朝、前髪を引っ張られる感触で目が覚める
ぼんやりと目を覚ますと、目の前には俺の髪を握る小さな緑青がくぅくぅと寝息をたてながら寝ていて
もぞもぞ もぞもぞ ……………にこぉ
「どんな夢見てるんだろうな」
タオルにくるまりながら嬉しそうに寝ながら笑う様子に、俺まで笑みがこぼれてくる
この小さな生き物はなんなのかは分からない。分からないがきっとこの子は俺を幸せにするために産まれて来たんだ
小さな小さな頭を指先で撫でて、
俺は再び眠りについた
「はぁ………良いなぁ、兄貴。
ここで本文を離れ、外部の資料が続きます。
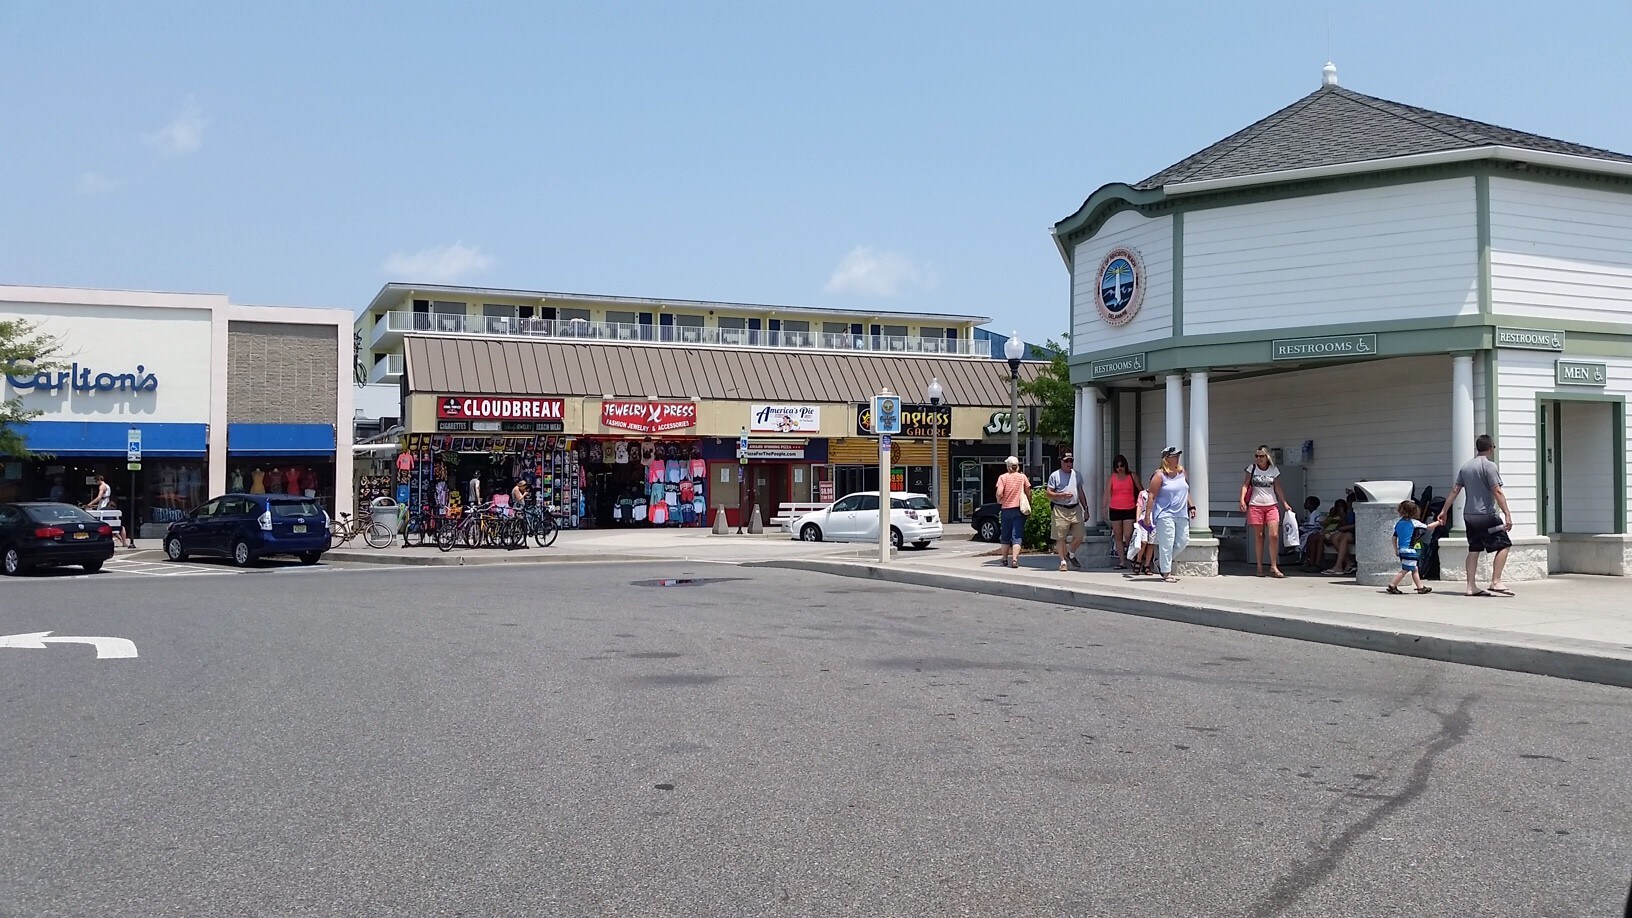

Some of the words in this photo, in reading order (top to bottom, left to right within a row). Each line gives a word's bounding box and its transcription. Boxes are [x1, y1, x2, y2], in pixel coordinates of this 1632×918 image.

[1500, 332, 1550, 344] RESTROOMS
[1279, 341, 1352, 355] RESTROOMS
[1094, 360, 1132, 374] RESTROOMS
[1564, 367, 1589, 379] MEN
[5, 357, 158, 392] Carlton's
[463, 399, 561, 418] CLOUDBREAK
[603, 403, 647, 418] JEWELRY
[756, 406, 798, 424] America's
[799, 407, 815, 419] Pie
[901, 407, 949, 428] nglass
[440, 422, 466, 430] CIGARETTES
[606, 419, 627, 428] FASHION
[627, 422, 649, 432] JEWELRY
[658, 420, 690, 431] ACCESSORIES
[906, 428, 947, 437] GALORE
俺もなちるさんと遊びてぇ」
「ほら、早くしねぇと大学に遅れるぞ」
緑青に浅黄から借りた人形の服を着せながら、がっくりと肩を落とした弟を見送る
────その僅かに数分後のことだった。
腹の上に緑青を乗せてソファに横になりまったりしてると、突然緑青が起き上がり辺りを見回す
「ん?なちる居るのか?」
「居る気がする」
「かぎりー、ごはんー」
いつの間にかソファの背もたれに乗っていたなちるは、そのままぼふっと俺の腹に落ちてきて緑青とじゃれだした
双子の緑青となちるは、かなり仲が良い
だがしかし、伊吹はそれを知らない。
なちるは伊吹がいないときしか外に出てこないから
「なちるさん、もうちょっと伊吹に優しくしてやってくれよ」
「だっていぶっきー、ご飯じゃなくてお菓子ばっかくれるんだもん。ふとることくらい考えてよね」
「なち、ぷにぷにー」
きゃっきゃっとはしゃぐ二人を見て苦笑いを込み上げながら
小さな二人の朝食を用意すべくソファからたちあがった。